Look for "チャージ" in each line of the records, and copy the lines that have it.

══════════════════════════════

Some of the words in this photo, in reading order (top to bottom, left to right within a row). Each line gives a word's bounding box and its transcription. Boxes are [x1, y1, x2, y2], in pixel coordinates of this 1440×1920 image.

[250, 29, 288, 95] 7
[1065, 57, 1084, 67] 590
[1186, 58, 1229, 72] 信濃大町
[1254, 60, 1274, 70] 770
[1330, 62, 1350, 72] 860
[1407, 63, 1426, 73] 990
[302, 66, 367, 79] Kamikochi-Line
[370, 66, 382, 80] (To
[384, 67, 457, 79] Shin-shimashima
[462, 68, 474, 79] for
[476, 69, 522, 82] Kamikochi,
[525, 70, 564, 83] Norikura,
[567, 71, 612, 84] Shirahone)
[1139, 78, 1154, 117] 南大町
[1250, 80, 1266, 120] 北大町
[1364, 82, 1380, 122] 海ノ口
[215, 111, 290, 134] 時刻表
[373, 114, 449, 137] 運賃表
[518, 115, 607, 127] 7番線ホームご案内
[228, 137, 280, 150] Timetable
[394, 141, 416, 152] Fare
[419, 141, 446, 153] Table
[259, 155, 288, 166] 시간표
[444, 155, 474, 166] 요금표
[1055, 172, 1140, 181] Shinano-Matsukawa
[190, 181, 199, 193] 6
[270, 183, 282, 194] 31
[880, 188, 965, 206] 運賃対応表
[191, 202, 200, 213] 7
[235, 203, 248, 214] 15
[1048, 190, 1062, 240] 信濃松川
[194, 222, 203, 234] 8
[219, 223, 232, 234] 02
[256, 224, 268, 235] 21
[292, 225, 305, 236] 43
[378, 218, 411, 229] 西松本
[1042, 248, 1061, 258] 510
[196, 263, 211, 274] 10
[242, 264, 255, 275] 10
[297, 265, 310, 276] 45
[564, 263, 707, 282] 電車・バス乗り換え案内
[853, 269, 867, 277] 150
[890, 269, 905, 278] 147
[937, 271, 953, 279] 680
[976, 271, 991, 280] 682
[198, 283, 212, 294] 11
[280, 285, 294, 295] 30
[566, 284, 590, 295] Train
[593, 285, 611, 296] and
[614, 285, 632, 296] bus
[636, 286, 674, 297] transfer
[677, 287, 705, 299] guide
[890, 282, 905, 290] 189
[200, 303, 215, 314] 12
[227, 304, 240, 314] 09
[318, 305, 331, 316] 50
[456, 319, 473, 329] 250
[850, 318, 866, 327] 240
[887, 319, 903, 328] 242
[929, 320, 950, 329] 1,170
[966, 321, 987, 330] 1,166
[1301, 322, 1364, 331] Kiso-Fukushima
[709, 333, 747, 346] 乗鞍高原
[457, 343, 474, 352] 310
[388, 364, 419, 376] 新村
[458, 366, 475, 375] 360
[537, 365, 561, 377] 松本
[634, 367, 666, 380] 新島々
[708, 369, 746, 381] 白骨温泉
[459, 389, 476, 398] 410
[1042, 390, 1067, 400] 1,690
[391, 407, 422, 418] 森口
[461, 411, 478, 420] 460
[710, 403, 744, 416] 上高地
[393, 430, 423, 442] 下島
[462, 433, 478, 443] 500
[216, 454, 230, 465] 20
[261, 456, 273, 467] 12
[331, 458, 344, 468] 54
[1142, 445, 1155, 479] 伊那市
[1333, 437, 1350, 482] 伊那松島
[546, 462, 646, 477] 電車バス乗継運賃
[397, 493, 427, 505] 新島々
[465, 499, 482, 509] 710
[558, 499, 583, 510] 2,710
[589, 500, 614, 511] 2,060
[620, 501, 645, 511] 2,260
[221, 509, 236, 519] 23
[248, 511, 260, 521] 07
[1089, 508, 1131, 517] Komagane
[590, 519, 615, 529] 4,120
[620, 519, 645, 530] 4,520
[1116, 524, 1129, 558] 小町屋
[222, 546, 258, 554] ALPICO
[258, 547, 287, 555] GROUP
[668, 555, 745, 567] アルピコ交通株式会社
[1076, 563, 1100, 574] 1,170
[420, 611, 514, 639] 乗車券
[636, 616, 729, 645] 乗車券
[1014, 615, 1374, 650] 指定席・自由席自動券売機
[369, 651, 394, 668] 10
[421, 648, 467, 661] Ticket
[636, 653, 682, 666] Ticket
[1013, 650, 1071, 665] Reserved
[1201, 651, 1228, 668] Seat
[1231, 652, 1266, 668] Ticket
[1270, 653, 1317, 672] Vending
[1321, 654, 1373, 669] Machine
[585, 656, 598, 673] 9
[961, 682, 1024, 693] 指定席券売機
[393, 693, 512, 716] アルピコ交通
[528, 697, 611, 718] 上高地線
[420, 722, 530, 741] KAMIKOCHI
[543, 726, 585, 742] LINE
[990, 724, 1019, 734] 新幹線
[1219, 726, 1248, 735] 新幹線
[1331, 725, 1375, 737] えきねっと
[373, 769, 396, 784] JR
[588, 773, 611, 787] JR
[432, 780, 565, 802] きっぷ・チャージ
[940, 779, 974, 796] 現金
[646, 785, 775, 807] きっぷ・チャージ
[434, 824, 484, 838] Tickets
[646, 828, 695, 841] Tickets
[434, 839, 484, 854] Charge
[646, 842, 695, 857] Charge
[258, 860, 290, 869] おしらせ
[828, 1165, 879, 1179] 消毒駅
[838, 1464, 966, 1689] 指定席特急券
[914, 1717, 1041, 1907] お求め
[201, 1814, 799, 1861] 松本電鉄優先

══════════════════════════════

• [Exercise solution]
[432, 780, 565, 802] きっぷ・チャージ
[646, 785, 775, 807] きっぷ・チャージ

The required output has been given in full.